其中，M（machine mode）可以访问全部的地址。为了禁止不可信的代码执行特权指令，引入了U（User mode）。为了限制不可信的代码使其只能访问自己的那部分内存，处理器可以提供一个物理内存保护（PMP，Physical Memory Protection）功能，以提供在各种模式下的内存保护。

PMP CSRs

RISC-V通过设置两类寄存器来实现PMP：

配置寄存器，8位
地址寄存器，对于RV32是32位，对于RV64是64位，统一记作MXLEN位

一个配置寄存器和一个地址寄存器组成一个PMP入口（PMP entry）。配置寄存器和地址寄存器均属于CSR（Control and Status Register）。
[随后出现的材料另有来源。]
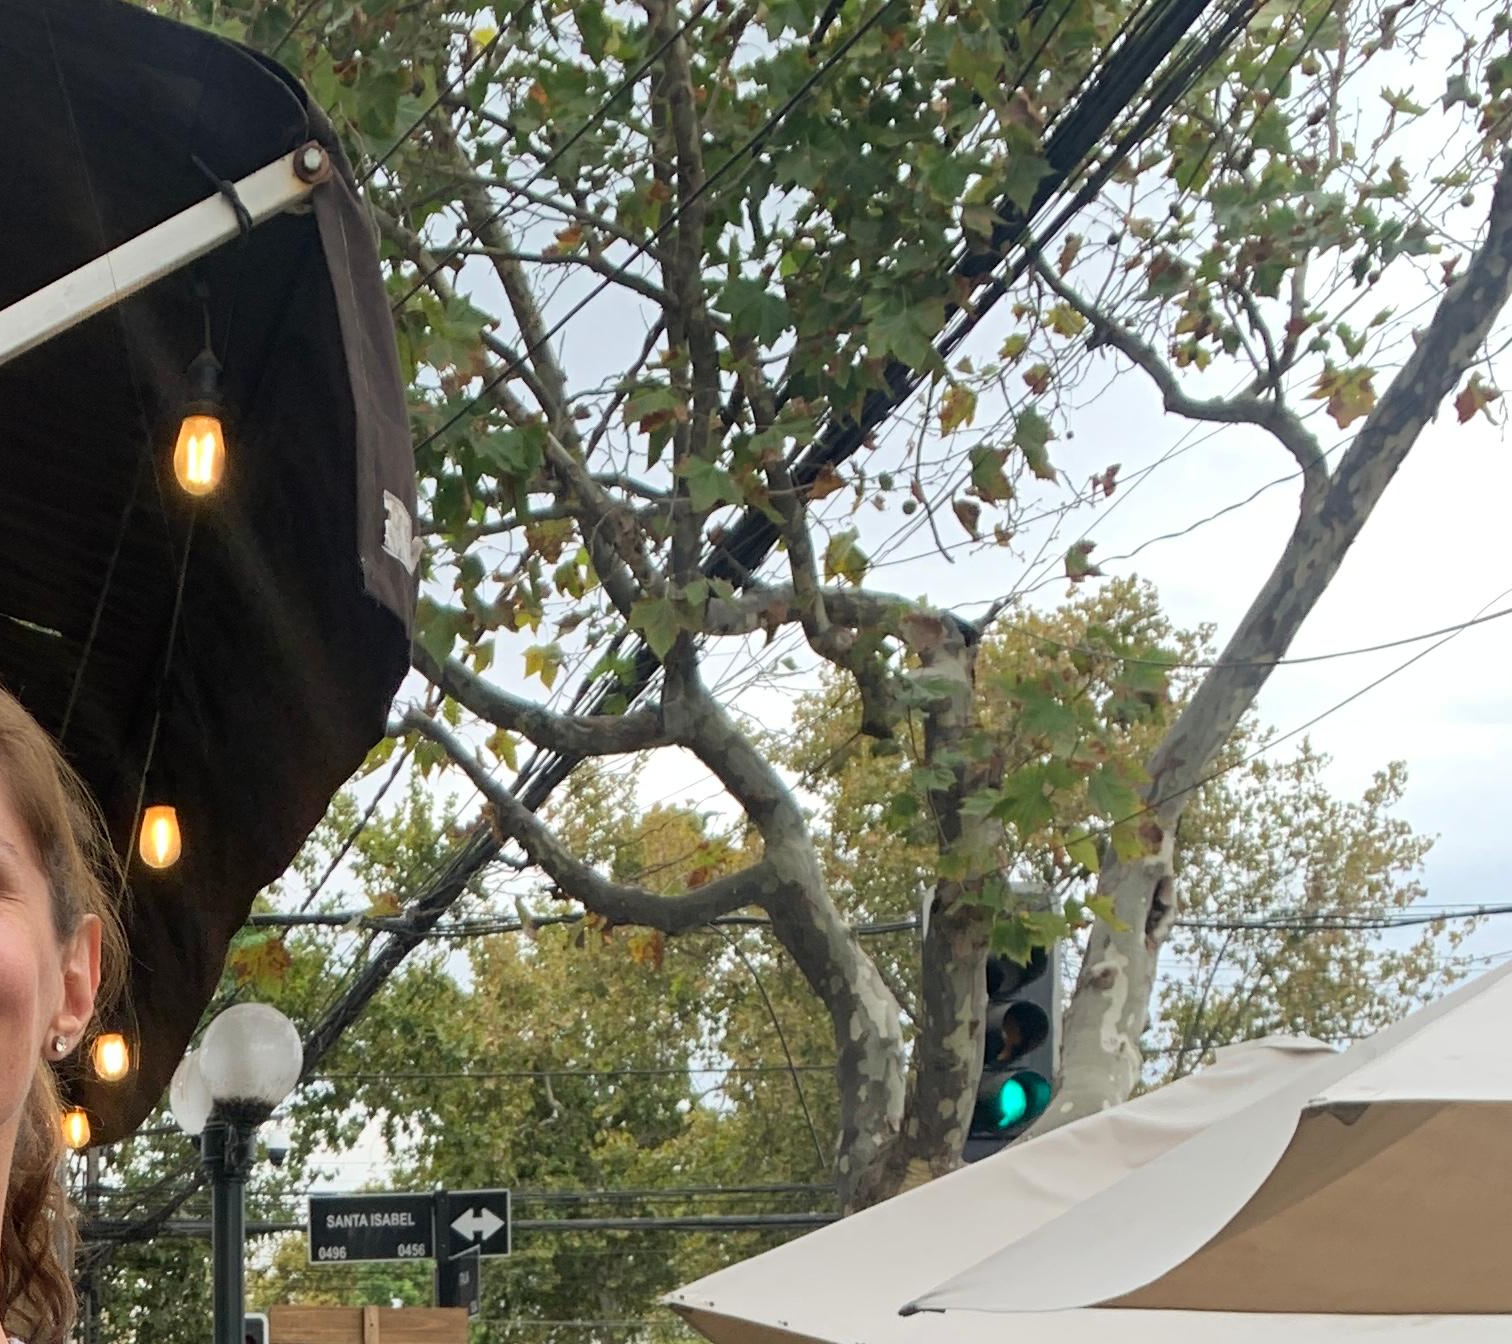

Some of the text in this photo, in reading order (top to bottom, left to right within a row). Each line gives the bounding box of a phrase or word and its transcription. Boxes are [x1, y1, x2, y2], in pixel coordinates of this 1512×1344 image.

[326, 1212, 416, 1229] SANTA ISABEL
[318, 1246, 347, 1260] 0496
[397, 1243, 426, 1257] 0456
地址寄存器通常为8-16个，8位的控制寄存器共16个。但显然，无论是对于RV32还是RV64，都不会存在一个只有8位（一个字节大小）的寄存器。故实际的实现上，是把几个控制寄存器组合到一个CSR中，如下图（图片来自官方手册）：

对于RV32，将4个8bit配置寄存器放到一个32bit CSR寄存器中，对于RV64，每个真实寄存器中则保存了8个配置寄存器的信息。这些真实寄存器的名字即pmpcf0~pmpcf3

值得注意的是，对于RV64来说，pmp8cfg~pmp15cfg是保存在pmpcfg2中，而不是按顺序保存在pmpcfg1中。这样做是为了使得在RV32和RV64两种情况下，pmp8cfg~pmp11cfg均保存在pmpcfg2中，这样可以减少对于64位支持的开销。
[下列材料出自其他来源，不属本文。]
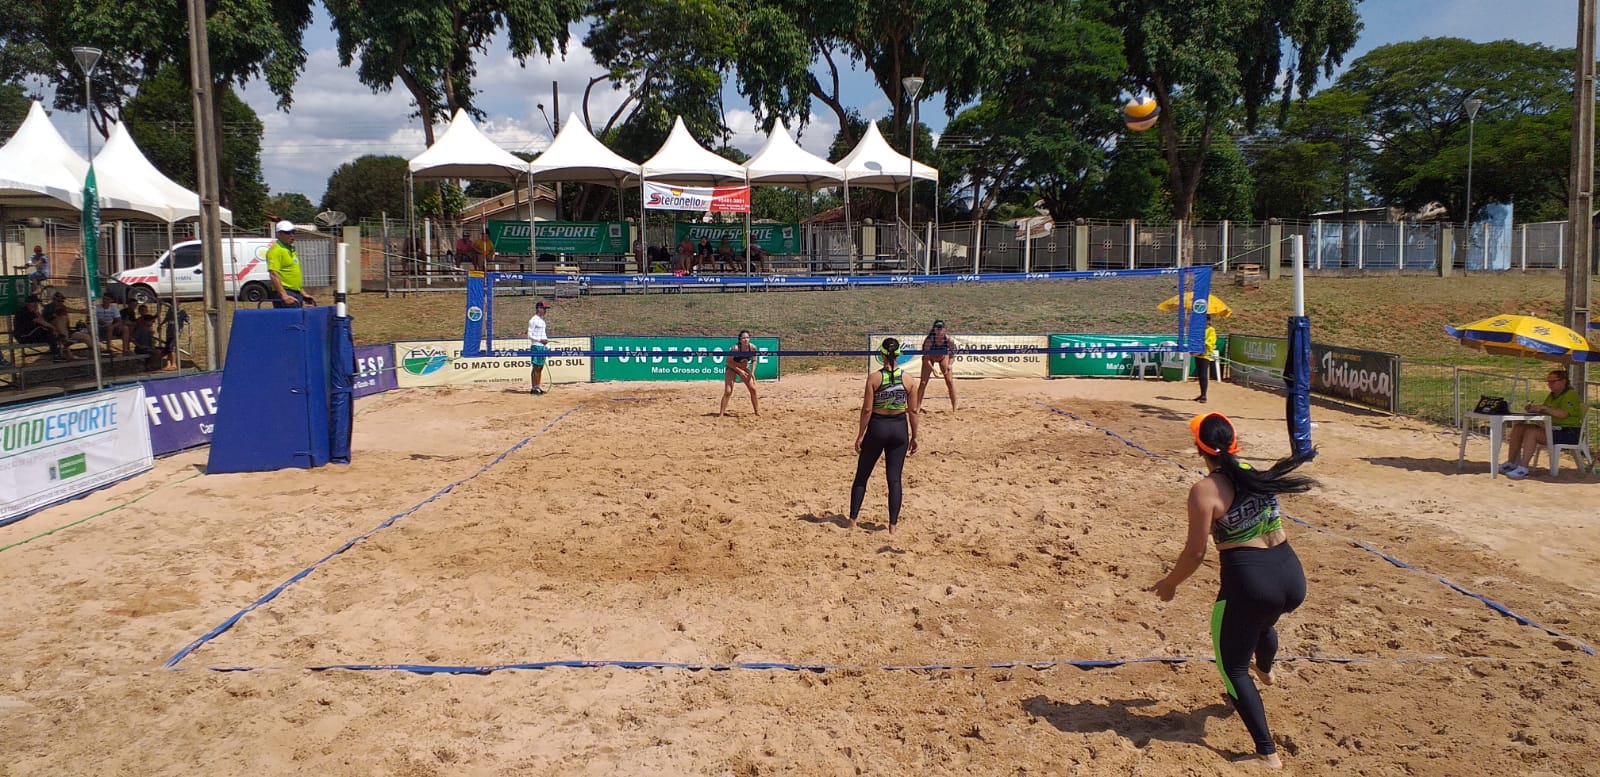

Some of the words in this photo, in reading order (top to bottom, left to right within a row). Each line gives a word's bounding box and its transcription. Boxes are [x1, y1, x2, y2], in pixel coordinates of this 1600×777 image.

[603, 345, 769, 363] FUNDESPOE
[967, 355, 1004, 364] GROSSO
[1007, 355, 1020, 363] DO
[1023, 355, 1041, 363] SUL
[454, 362, 468, 370] DO
[472, 361, 499, 370] MATO
[503, 360, 532, 368] GROS
[548, 359, 562, 367] DO
[566, 358, 584, 366] SUL
[145, 386, 222, 426] FUNE
[0, 402, 118, 452] UNDESPORTE
在RISC-V设计的Sv32分页虚拟内存模式下，RV32拥有34位物理地址空间，故对于RV32来说，PMP必须支持34位的物理内存访问管理。故在32位地址寄存器中，保存33~2位的地址数据。而对于RV64，保存第55~2位，如下图：

也就是说，对于一个34位地址，若要保存到PMP地址寄存器中，需要将数据左移两位后存储。对于56位地址，将55~2位保存在PMP地址寄存器的53~0位。

下面来看配置寄存器：

其中，R、W、X分别对应读、写、执行权限，为1时有该权限，0时无权限。对于R=0 且 W=1的情况不符合实际含义，故作为保留，以便未来某些情况下使用。
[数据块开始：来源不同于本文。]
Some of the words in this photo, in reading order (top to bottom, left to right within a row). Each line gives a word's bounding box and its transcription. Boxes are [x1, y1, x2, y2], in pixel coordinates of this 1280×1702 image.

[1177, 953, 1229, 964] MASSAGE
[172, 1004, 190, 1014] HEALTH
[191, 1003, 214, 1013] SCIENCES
当一条指令试图execute, load, store但遭到拒绝时，分别触发instruction access-fault exception, load access-fault exception, store access-fault exception。

Address Matching

之前说明了，一个PMP entry由一个地址寄存器和一个配置寄存器组成。那么，如何知道该PMP entry控制的物理地址范围呢？这是由配置寄存器中的A字段和地址寄存器共同决定的。

这部分主要解释配置寄存器中的A field的作用。A字段取值如下：

当A=0时，该PMP entry处于未启用状态，不匹配任何地址。

当A不等于零的时候，又分为三种情况，TOR, NA4, NAPOT（如上图中所示）。其中NA4可以看作时NAPOT的一种特殊情况。所以我们先看一下NAPOT模式下一个PMP entry的地址寄存器所控制的地址范围是多少。

在上图中，当pmpcfg.A为NAPOT时，从pmpaddr的低位开始寻找连续1的个数。

若pmpaddr值为yyyy...yyy0，即连续1的个数为0，则该PMP entry所控制的地址空间为从yyyy...yyy0开始的8个字节
若pmpaddr值为yyyy...yy01，即连续1的个数为1，则该PMP entry所控制的地址空间为从yyyy...yy00开始的16个字节
......
若pmpaddr值为y...y01...1，设连续1的个数为n，则该PMP entry所控制的地址空间为从y...y00...0开始的 $2^{n+3}$ 个字节

这种控制地址范围的方式叫做自然对其2指数地址范围（Naturally Aligned Power-of-2 regions, NAPOT）

考虑一种边界情况，若pmpaddr值为yyyy...yyyy，此时控制的地址范围即是从yyyy...yyyy开始的4个字节，而pmpcfg.A的值为NA4，即Naturally Aligned Four-byte regions.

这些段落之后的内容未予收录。